2024-02-07 13:02:37 | 日記
A.ひばり御殿のこと
 横浜市の南部、海沿いに鉄道が走る磯子区の西側は高い台地が崖になって連なる住宅地である。今は丘の上にマンションが建っている。この海を眺める見晴らしの良い場所に、戦後のある時期「ひばり御殿」が建っていた。芝生の庭にプールのある二階建ての豪邸。天才少女歌手として一躍スターになった美空ひばりは、少し前までこの下の川沿いの小さな商店街で魚屋を営む両親のもとで、小学校に通っていた。ごくふつうの庶民の娘が、歌を唄い映画に出て注目を浴び莫大なお金を稼ぐ金の卵になった。思いもかけず大金が入った父親は、この高台の住宅地を買い、分不相応とも思える豪邸を建てて移り住んだ。

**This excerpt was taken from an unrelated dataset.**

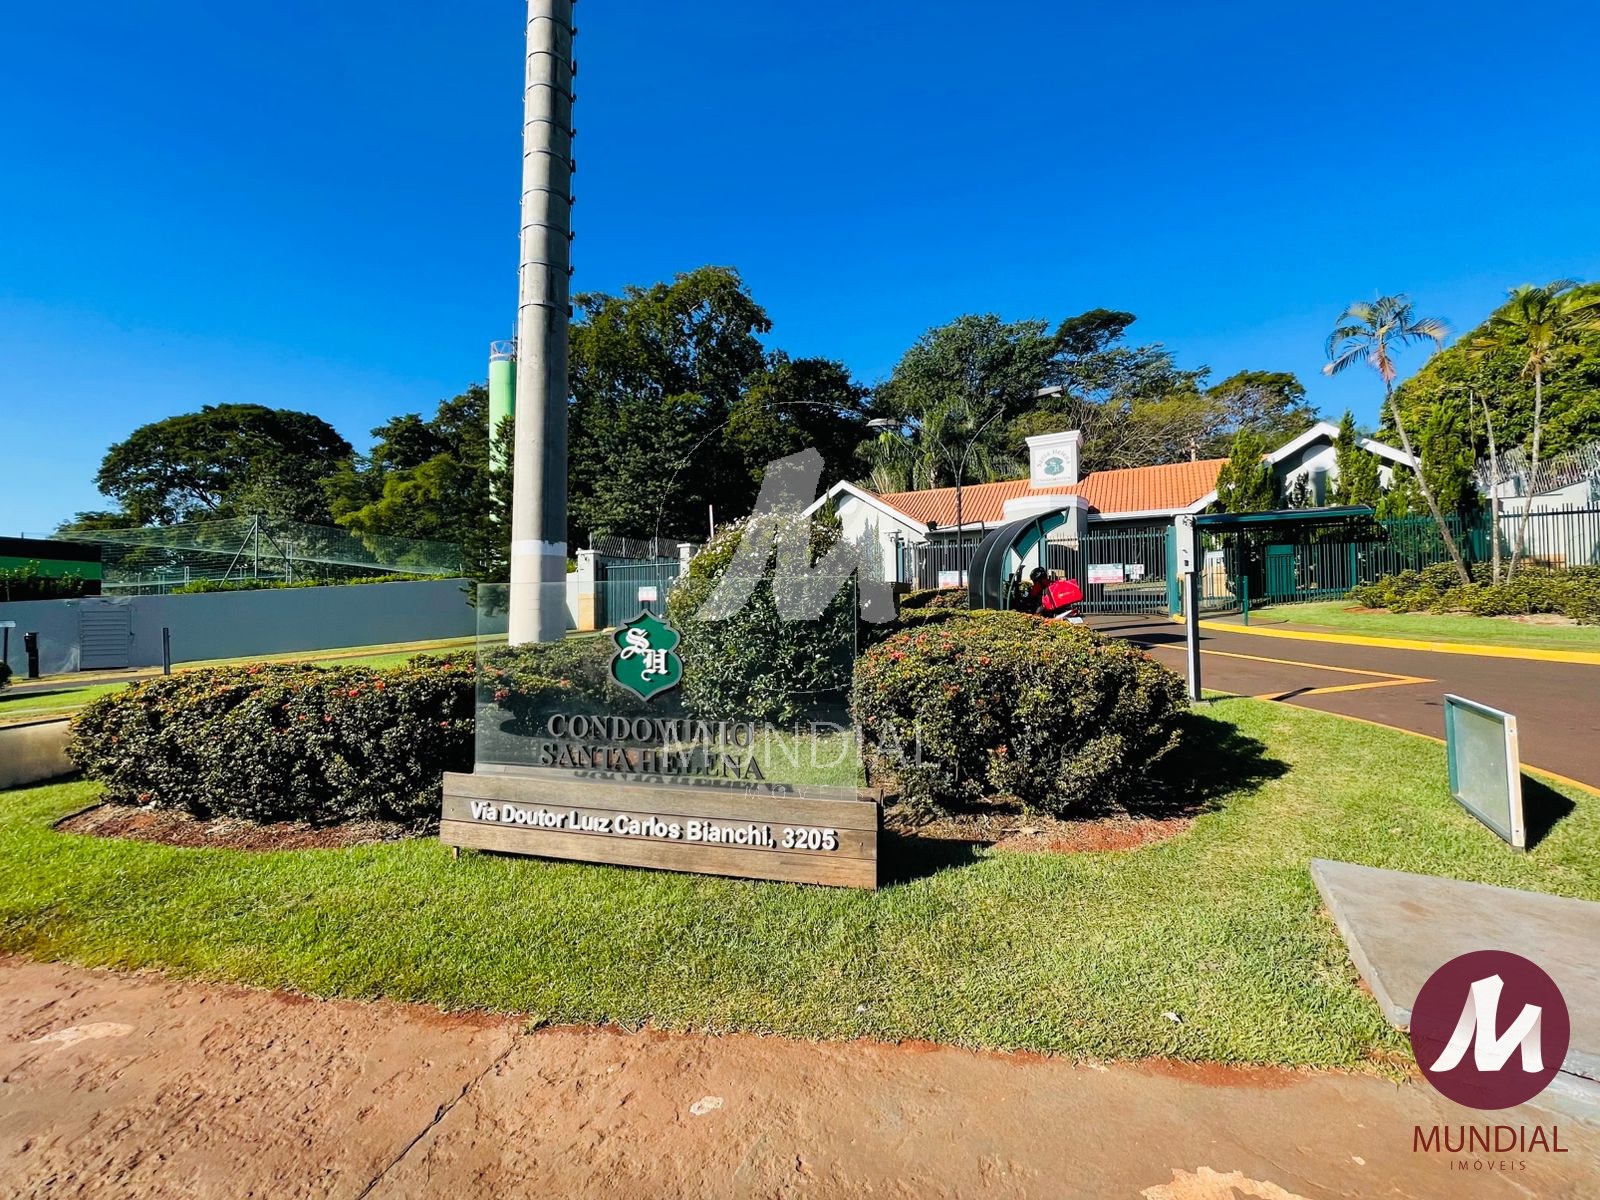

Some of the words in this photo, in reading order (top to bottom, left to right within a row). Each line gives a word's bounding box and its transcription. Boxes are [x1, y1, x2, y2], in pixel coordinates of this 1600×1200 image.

すぐそばは、戦時に疎開する皇族や貴族の邸宅を買いまくって戦後に巨万の富を築く西武コンツェルンの堤家が手に入れた土地もあった。
 今はただのマンション地帯になっているが、戦後の貧困と飢餓の時代、生活に必死だった人々は、この丘の上の夢のような少女スターの家を見上げて「ひばり御殿」と呼んだ。それは後年、黒澤明が映画「天国と地獄」でやはり横浜を舞台に描いた誘拐犯罪サスペンス・ドラマが、貧しい川沿いのアパートに暮らす犯人が、高台に建つ裕福な会社役員の豪邸を見上げて憎悪を抱く構図に似ている。歌を唄うだけでみるみる大スターになった「魚屋の娘」への人々の羨望と嫉視は、凶暴な暴力を誘発してしまう。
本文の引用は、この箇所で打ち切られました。